夏の日が高くなるにつれて、草原に家並みが現れる。
「あと10分ほどでナギナ中央に到着いたします。ナギナ中央駅は、4番線に到着いたします。お出口は右側です」
そのアナウンスは、10時半に流れた。この列車の「定刻」は、分単位であるらしい。
「乗換のご案内をいたします。シナニア西線、マティア北行、特急『シナニア24号』は、2番線から、11時10分に発車します。
シナニア東線、オプシア、コモディア、カリシニア、コーシニア中央経由アトリア西行、特急『白馬8号』は、同じホーム、4番線から、11時30分に発車します。
この列車は、ナギナ中央の次はコーシニア中央まで停車いたしません。オプシア、コモディア、カリシニアへお越しのお客様は、次の『白馬8号』へお乗り換えください」
乗換案内が続く。
「同じ路線の乗換もするんですね」
「ええ。今アナウンスがあったとおり、『ミノーディア11号』は途中を飛ばしていくので、細かく停車していく特急に乗り換えです」
「それ、日本の新幹線と遜色ないサービスですね」
速達タイプと各停タイプを分けて、前者から後者への乗換を可能とする。それはまさに日本並みだった。
「そうなんですか? それは光栄です。……ここからは、アスマ旅客の担当になりますから」
地元の会社のサービスを「ニホン並」と言われて、ユイナは悪い気はしない様子だった。
列車は高架線へと上り、10時40分にナギナ中央駅に到着した。
由真たちの寝台の窓から見える進行方向左側には、島式ホームが2面4線並び、うち奥側は両方に列車が停車していた。

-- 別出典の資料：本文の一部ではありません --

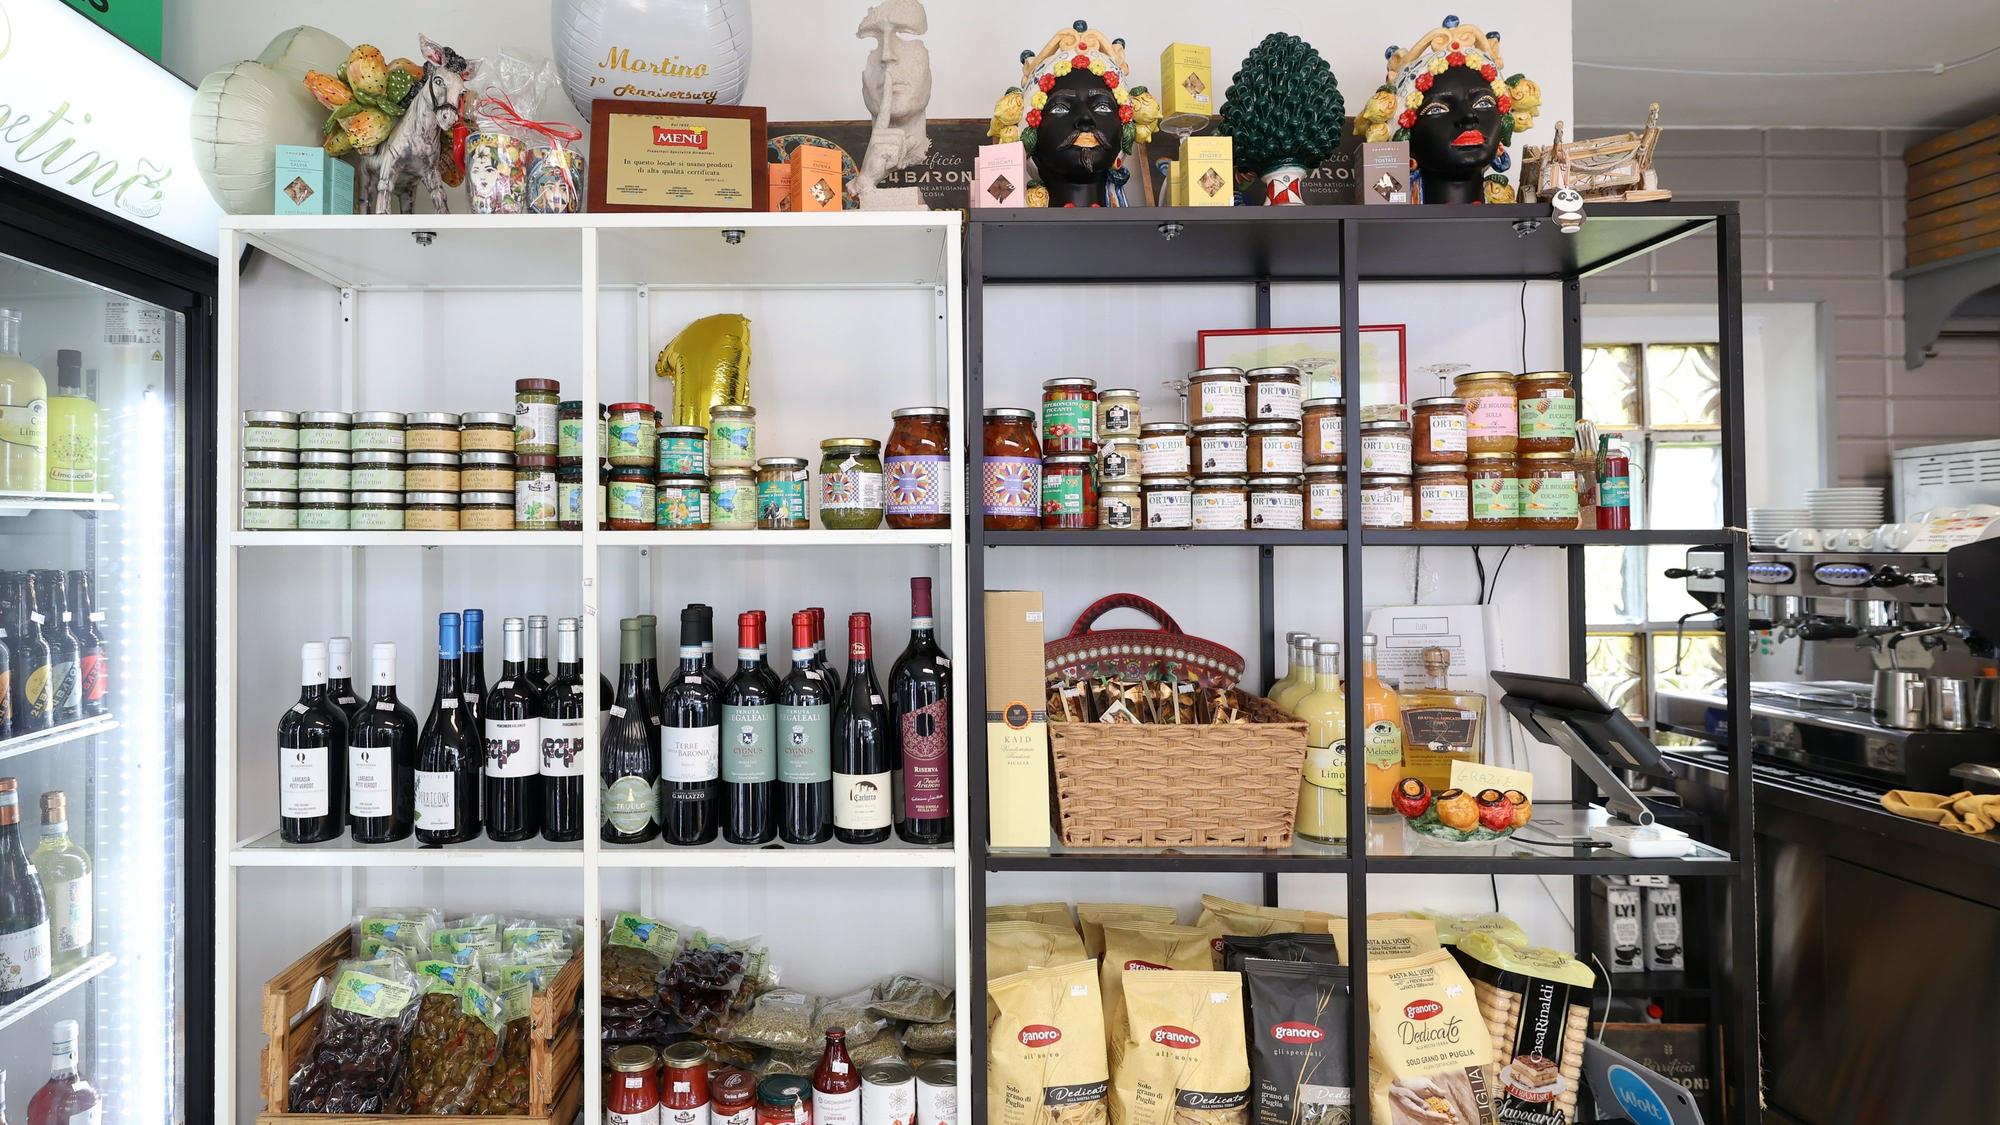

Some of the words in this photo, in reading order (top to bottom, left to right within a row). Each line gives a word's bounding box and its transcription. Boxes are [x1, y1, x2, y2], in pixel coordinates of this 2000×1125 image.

[598, 46, 708, 78] Martino
[614, 84, 718, 104] Anniversary
[905, 171, 972, 182] BARON
[1310, 168, 1356, 180] ARO
[1140, 440, 1184, 452] RTOVERDE
[1004, 735, 1032, 744] KAID
[296, 752, 306, 764] Q
[361, 752, 370, 763] Q
[1321, 770, 1346, 778] Limo
[1615, 904, 1636, 917] LY!
[1655, 904, 1676, 916] LY!
[1408, 968, 1434, 977] ALL'UOVO
[1406, 1004, 1438, 1018] granoro
[1530, 984, 1554, 1064] CasaRinaldi
[1274, 1026, 1324, 1040] granoro
[1398, 1016, 1463, 1045] Dedicato
[1155, 1030, 1199, 1044] granoro
[1406, 1058, 1420, 1066] SOLO
[1422, 1054, 1439, 1064] GRANO
[1450, 1049, 1475, 1059] PUGLIA
[1006, 1084, 1020, 1094] Solo
[1137, 1082, 1152, 1090] Solo
[1262, 1083, 1277, 1092] Solo
[1671, 1078, 1710, 1090] RONI
[1006, 1092, 1024, 1101] grano
[1050, 1084, 1108, 1100] Dedicato
[1136, 1089, 1156, 1098] grano
[1262, 1092, 1282, 1100] grano
[1006, 1098, 1024, 1108] Puglia
[1136, 1094, 1156, 1106] Puglia
[1184, 1092, 1245, 1105] Dedicato
[1261, 1098, 1283, 1108] Puglia
[1618, 1087, 1662, 1120] Wolt
[1495, 1098, 1566, 1125] Savoiardi

通路越しに進行方向右側を見ると、この列車が止まる島式ホームの先にもう1面のホームがあり、車体が赤く染められた列車が停車していた。
その列車は、シンカニオと同様に、機関車の後ろに連節客車が連なっていた。
「あの赤いのが、『シナニア24号』ですね。南シナニア県の県都マティアまで行きます」
そちらに注目しているのに気づいたのか、ユイナがそう説明する。
「そういう特急もあるんですね」
「ええ。北シナニア県と南シナニア県はどちらも人口約1000万、ナギナは人口150万で、南シナニアの県都マティアも人口130万ですから」
「それ、ほんと桁違いよね。二つ足したら2000万って。カンシアの総人口が、ゴトビラ入れても3700万なのにね」
ユイナの言葉に、ウィンタが嘆息を漏らす。
「シナニアは、すごく広い田舎ですけどね。ちなみに、ユマさんの領地のコーシア県は、人口1200万です」
「いや、その、領地とかって、決まった訳じゃないんですよね? って、1200万?」
動揺して反応が一瞬遅れてしまう。その人口は、由真の想像――100万人前後――とは桁が一つ違っていた。

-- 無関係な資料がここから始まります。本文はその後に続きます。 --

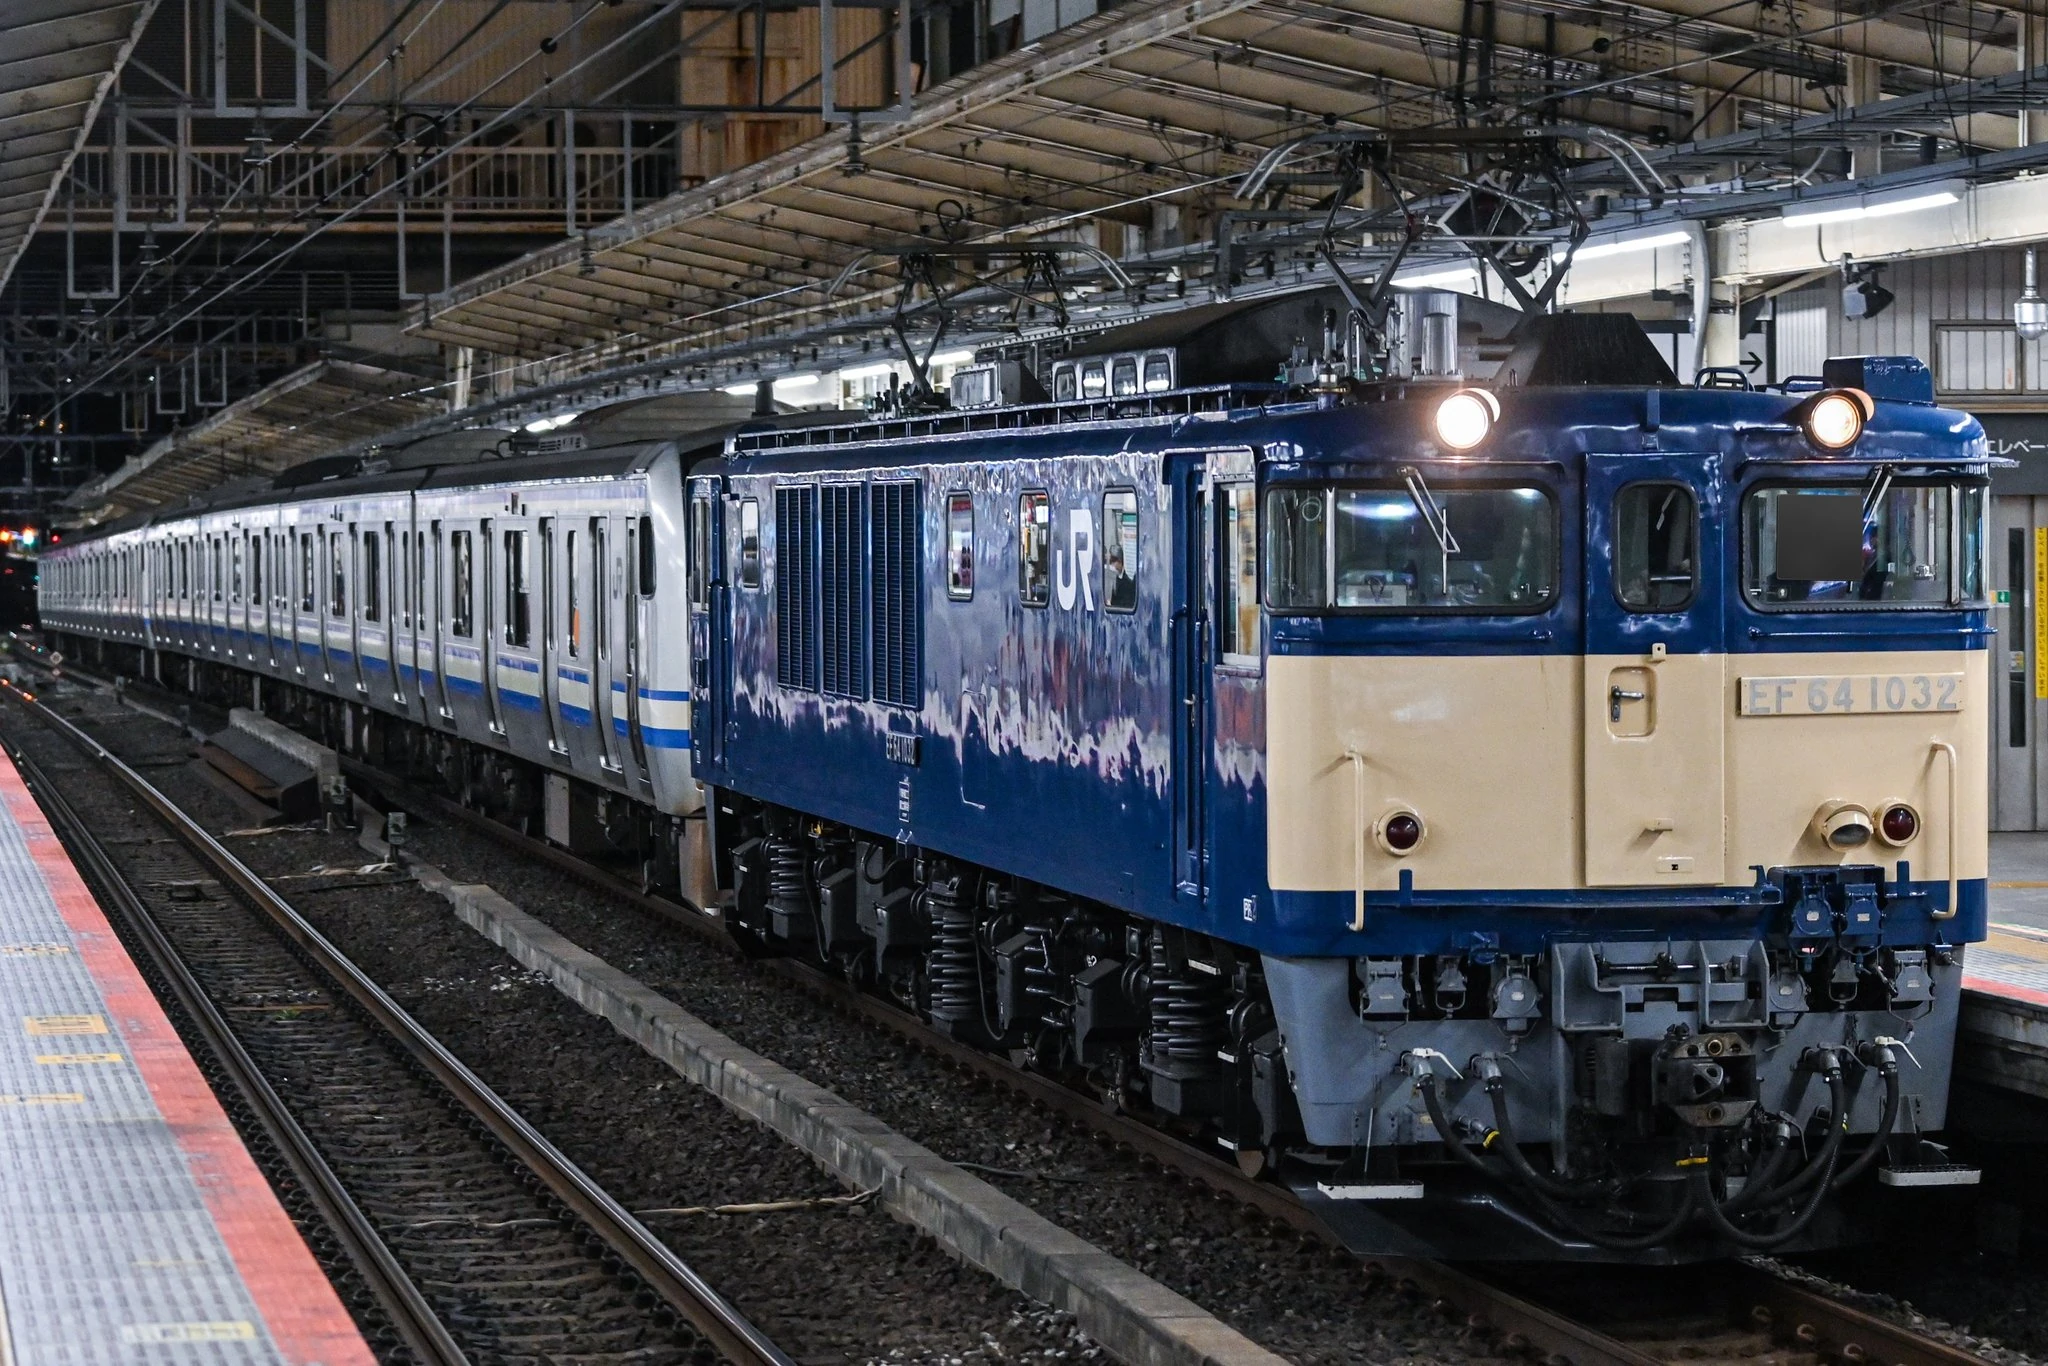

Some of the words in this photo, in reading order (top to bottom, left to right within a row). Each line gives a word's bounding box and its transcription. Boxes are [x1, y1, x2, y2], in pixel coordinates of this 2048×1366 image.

[1987, 438, 2048, 454] エレベー
[612, 557, 623, 600] JR
[1056, 509, 1095, 611] JR
[1749, 678, 1798, 714] EF
[1807, 676, 1854, 713] 64
[1870, 675, 1957, 712] 1032

「ドルカオ方伯の所領って、ドルカオ県が80万、イノベア県が60万、ミシア県が60万で、合計200万なのよね」
「まあ、カンシアなら、人口200万で方伯ですから。なので、ユマさん、ドルカオ方伯にも、そんな遠慮しなくても大丈夫ですよ」
ウィンタとユイナの言葉に、由真は二の句が継げなかった。
ステップの草原を貫く大陸横断鉄道の、2日半かかる長い旅。
「退屈な旅が2日続いた」で済ませることはできず、さりとて面白おかしい話も作れないのが悲しいところです。
(途中盗賊が襲ってきてもよかったのですが、「襲ってきたので、由真は返り討ちにした」で行殺オチですし)
『銀河鉄道999』が「駅のある惑星に1日止まっていく」というのは、うまい仕組みですね。